Hijab as a symbol of solidarity?

Italian translation here.


So, this was started by this video, realised by My Stealthy Freedom.

www.facebook.com/StealthyFreedom/videos/1655725141108240/

Video which as you can see I cannot post here because it’s on Facebook. At any rate, it shows some Muslims women putting hijabs made out of the American flag around the head of some men and women, at the Women’s March, on the 21st of January 2017.

I have a lot of mixed feelings about this. Not about giving women the freedom to not wear the hijab if they don’t want to, about that I have no mixed feelings at all: one must be free to decide whether they want or not a piece of cloth on their head.

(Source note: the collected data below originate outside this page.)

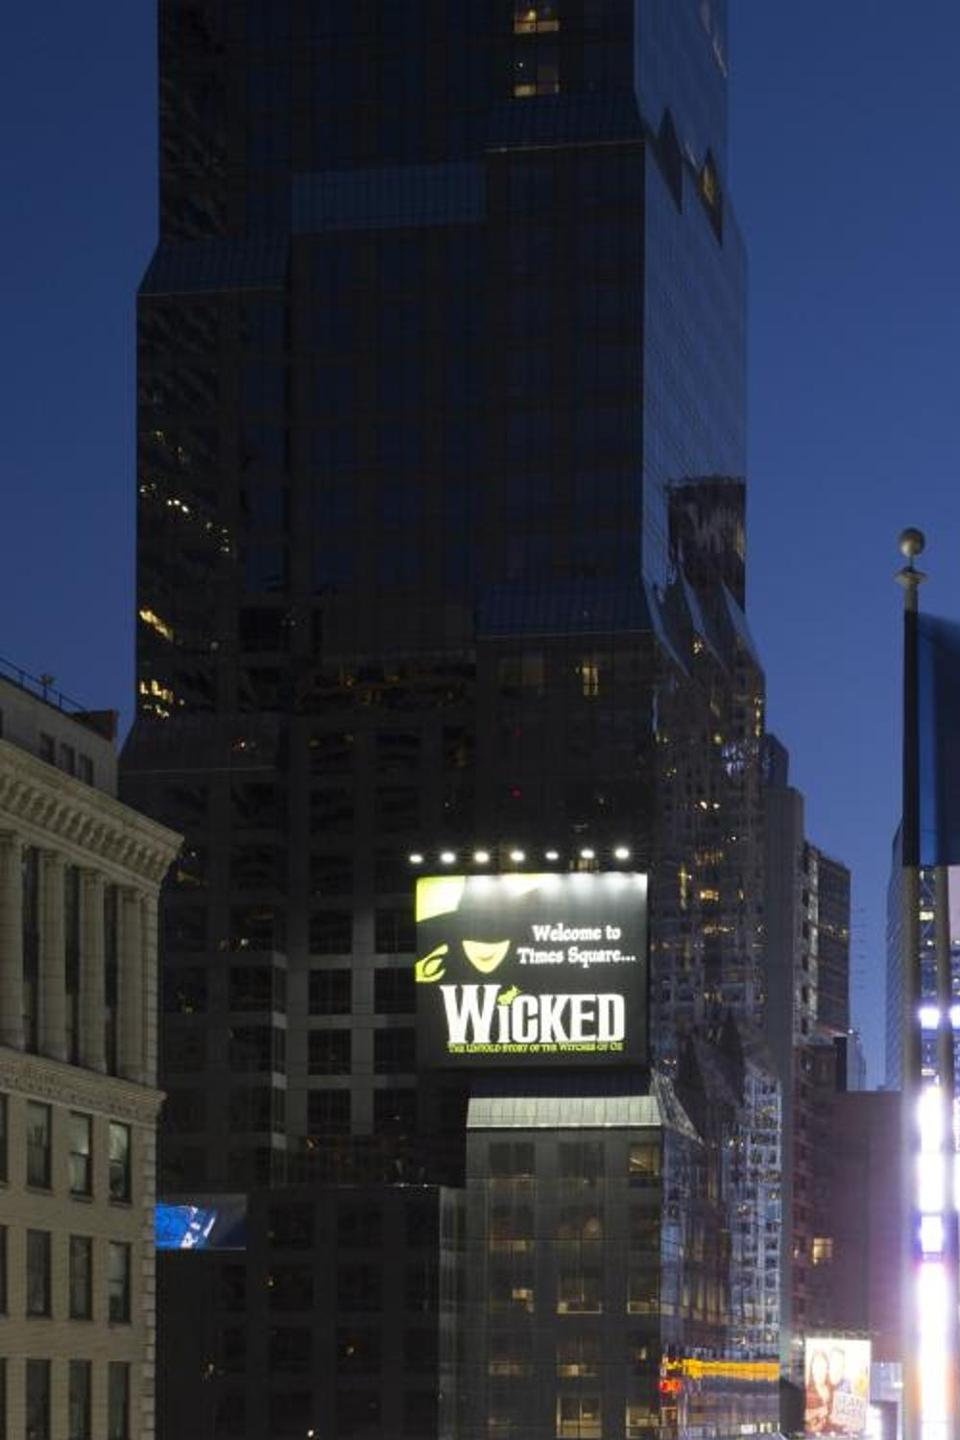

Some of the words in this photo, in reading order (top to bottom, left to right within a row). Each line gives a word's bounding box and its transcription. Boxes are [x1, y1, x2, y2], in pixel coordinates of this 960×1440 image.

[532, 923, 601, 942] Welcome
[606, 925, 622, 940] to
[517, 948, 563, 965] Times
[567, 948, 636, 968] Square...
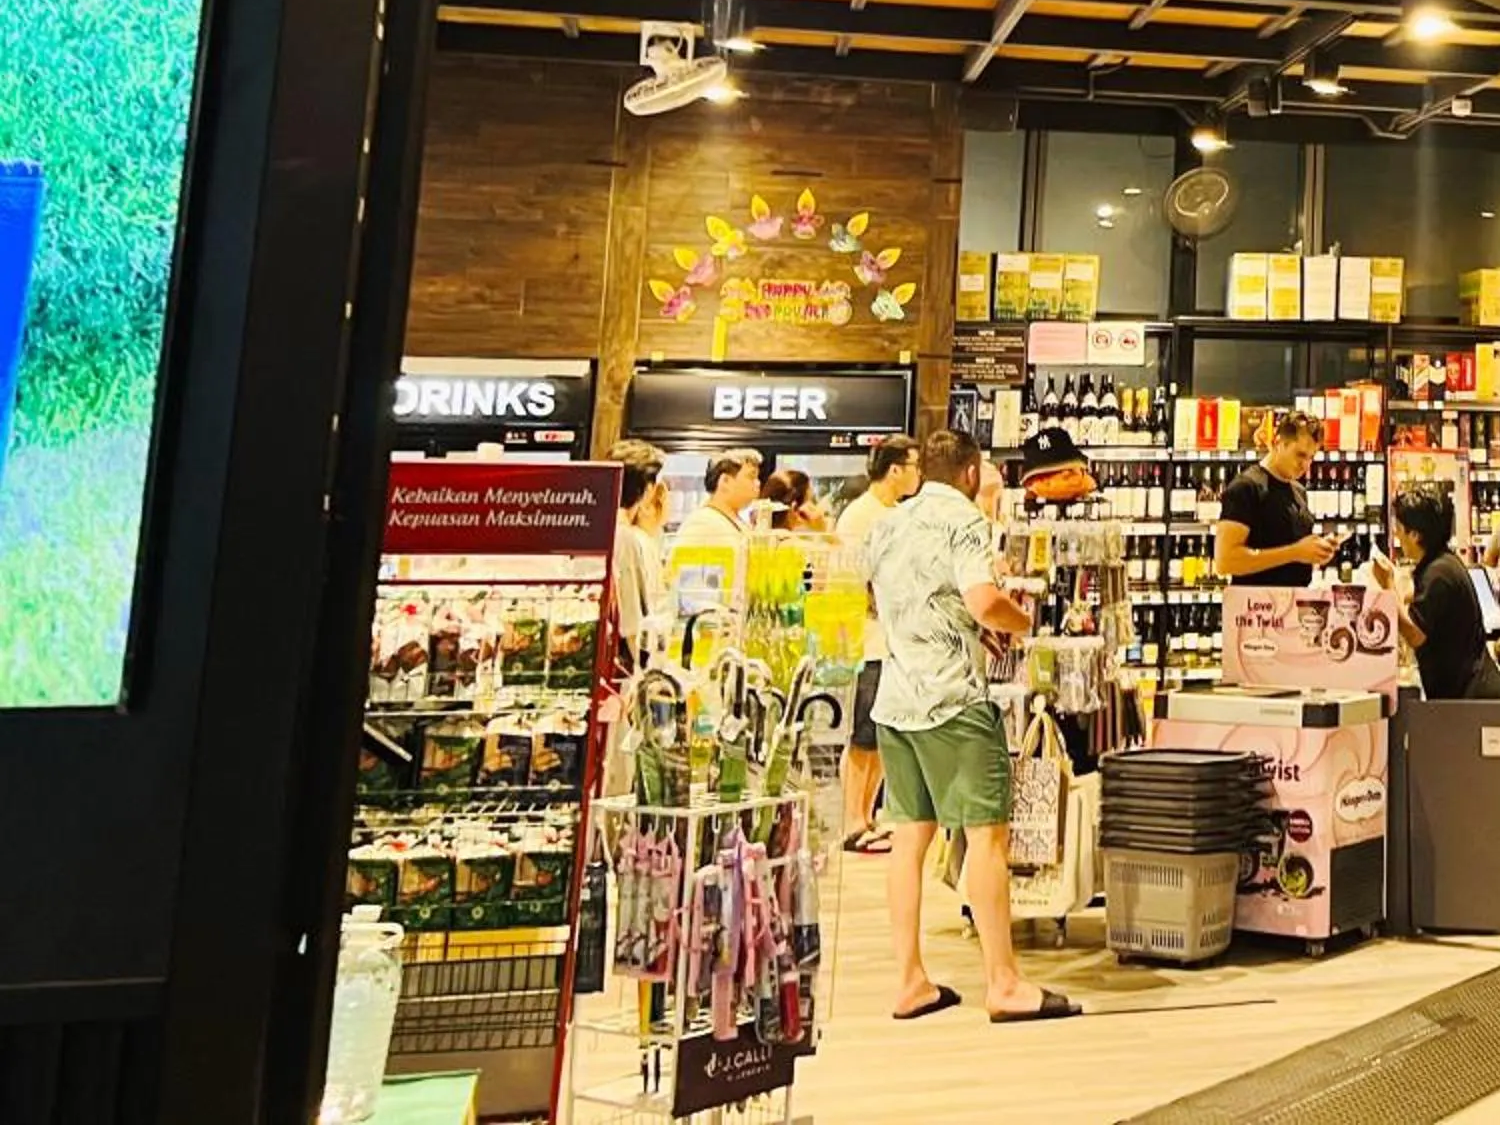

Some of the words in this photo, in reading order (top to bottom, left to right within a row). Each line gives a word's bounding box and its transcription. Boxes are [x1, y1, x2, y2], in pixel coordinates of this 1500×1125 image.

[393, 379, 556, 417] DRINKS
[713, 386, 828, 420] BEER
[391, 487, 479, 504] Kebaikan
[484, 487, 597, 507] Menyeluruh.
[388, 509, 480, 529] Kepuasan
[485, 509, 590, 527] Maksimum.
[1247, 598, 1273, 612] Love
[1235, 615, 1253, 628] the
[1256, 614, 1285, 628] Twist
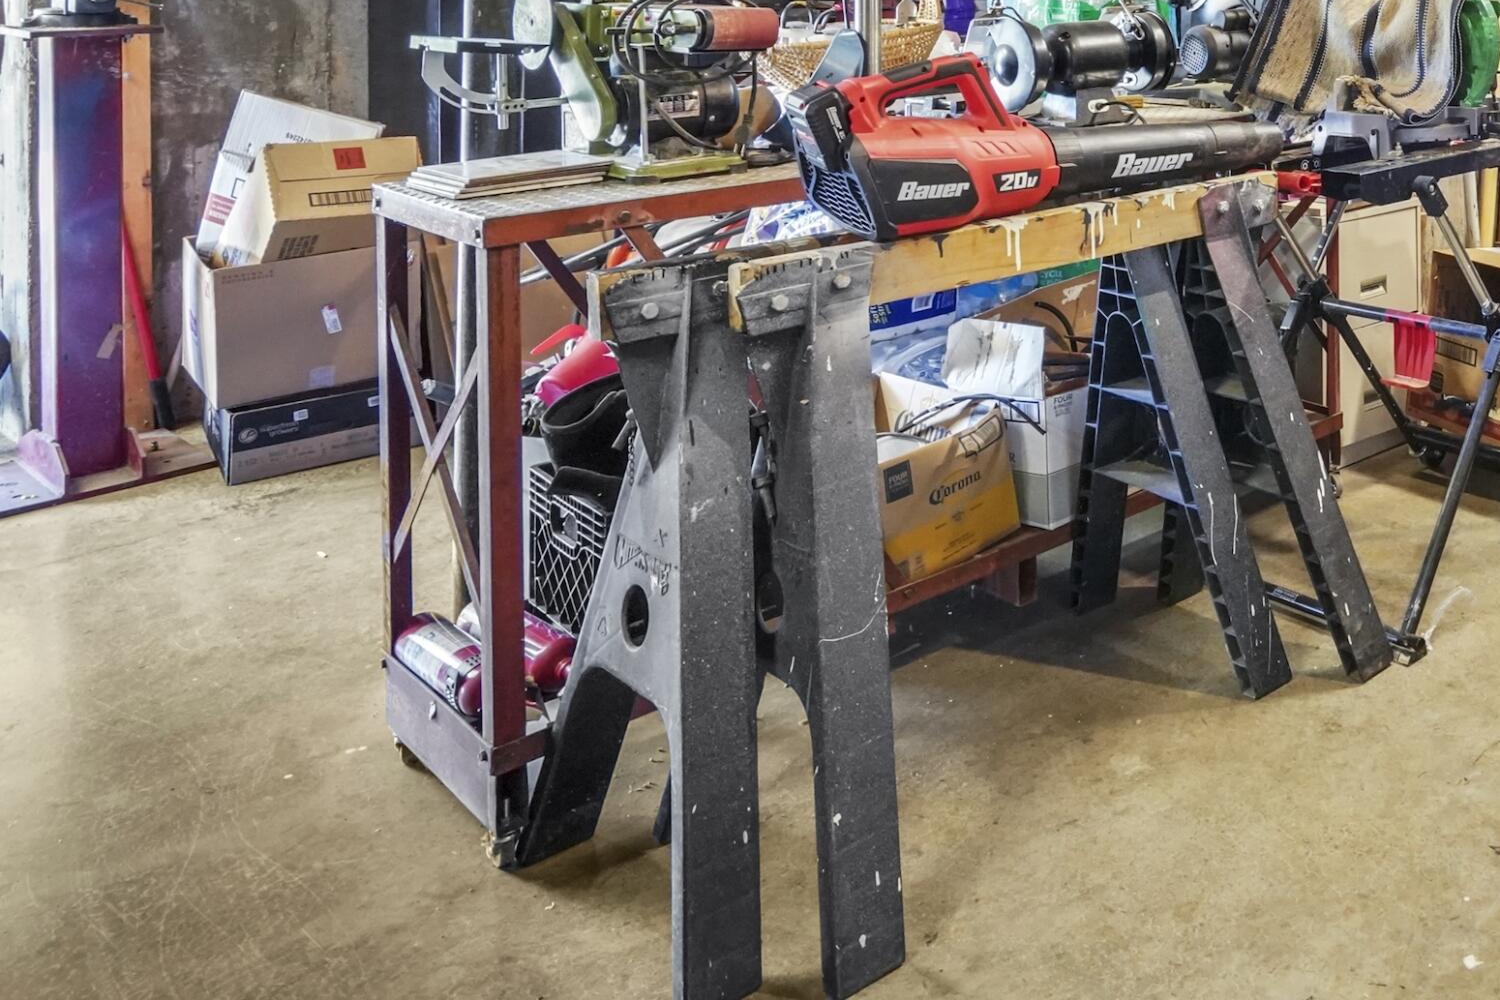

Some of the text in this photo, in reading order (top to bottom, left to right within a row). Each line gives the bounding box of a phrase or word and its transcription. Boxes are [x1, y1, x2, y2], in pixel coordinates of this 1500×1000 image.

[1111, 152, 1193, 178] Bauer
[897, 181, 970, 202] Bauer
[929, 471, 982, 505] Corona
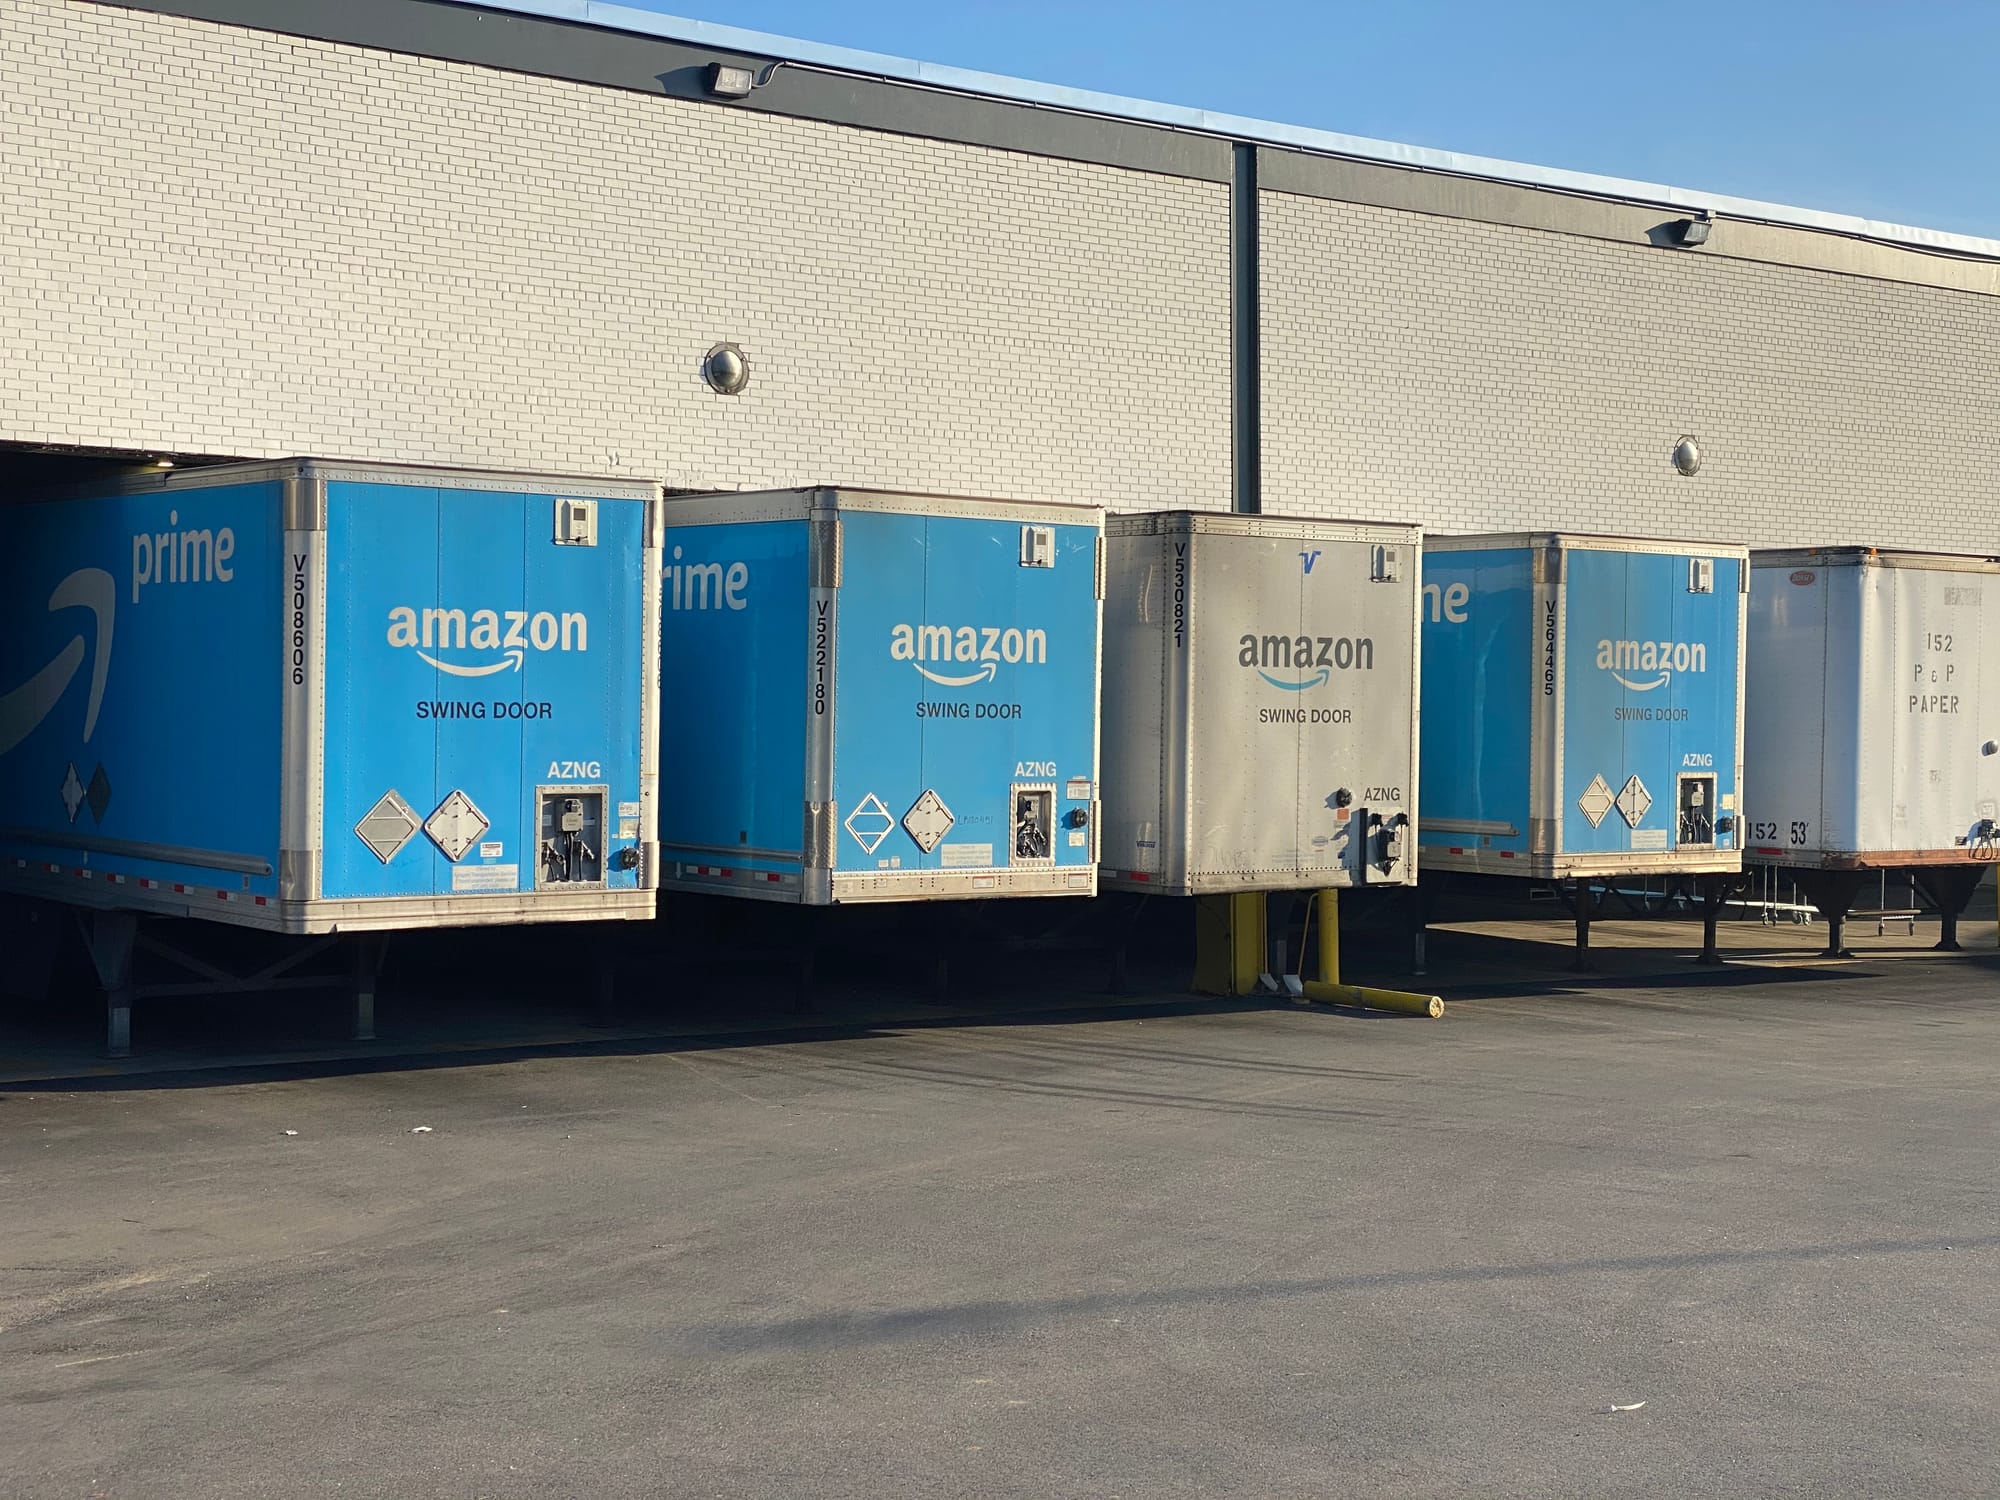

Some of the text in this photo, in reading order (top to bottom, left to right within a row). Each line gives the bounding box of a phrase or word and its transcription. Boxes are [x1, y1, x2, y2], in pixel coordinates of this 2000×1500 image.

I’m not sure if that’s true solidarity or not. Gut feeling? I think it isn’t.
I was very happy to see women wearing hijabs taking part at the recent Women’s March. It’s a good thing that Muslim women get supported, especially with a racist misogynist kid in power in the US, and I did appreciate that one of the images symbol of the Women’s March was a woman wearing a hijab.

marchhijab.jpg

And moreover, Muslim women really have a lot to march for. However, I don’t think we can gloss over the fact that the hijab is compulsory and a symbol of oppression in many situations.
Obviously, if the woman involved has freely decided to wear it, it’s not an oppression. But we just can’t forget all the cases in which it wasn’t a free decision; that would be actually really demeaning towards those women facing that oppression.

When I ponder over cases like these, which are extremely touchy, I often compare them to my support for BDSM and my will to spread information and acceptance about it. I’m a passionate kinkster, and one of my favourite game is rape play. Yes, now you know, you’re welcome. And not only that too, violence generally is my thing, plus a big amount of domination/submission. Let’s say I go to a march celebrating different sexual preferences, and I take part in it as a kinkster (yes, there are BDSM marches, usually together with the gay pride marches). Let’s say I then proceed to illustrate rape play to some people, maybe especially women; I could hand out flyers or things like that. I should definitely be expected to underline consent, right? Because a lot of women are raped, because it’s not a sporadic crime committed by some random delinquent, it’s a systematic oppression, right? Right. So I would be an asshole if I didn’t underline consent, and if I didn’t make extremely clear that rape is rape, and it’s shit, while play rape is a game between consenting adults. So I couldn’t simply gloss over the matter, like whoopsy sorry I didn’t remember of sexism. Right.
And indeed, at least from my experience if you speak with kinksters there’s this mantra going around: safe sane and consensual.

Now, I realise this comparison is a little bit stretched: rape play is a way more intimate and delicate thing than wearing a hijab. Still, I think that in both cases we cannot leave out of the question consent and oppression.
If those people wearing the hijab were fully aware that in many situations it constitutes oppression and if there was a general consensus about that, then I’d say there’s nothing wrong. If they, fully aware, felt like wearing the hijab, then let them do it. And I really cannot know if that was the case because, people, I cannot know everything now.

Still, I do have the impression, as I said in the beginning, that it was done in a light-hearted way. As it was done during the World Hijab Day of some time ago, or when posting pictures of you with an hijab went viral for a period, in order to show solidarity to Muslim. Let’s be clear, if one wants to wear a hijab because they really feel like it, all right. But in order to show solidarity? It doesn’t raise awareness. It doesn’t spread information. It doesn’t help oppressed Muslim women. And it doesn’t sound like an overall liberating act to me.

It’s not a tragedy, but I’m really not sure that people superficially wearing  hijabs to show solidarity to Muslim women is the best idea of the century. Actually, I’m pretty sure it’s a bad idea.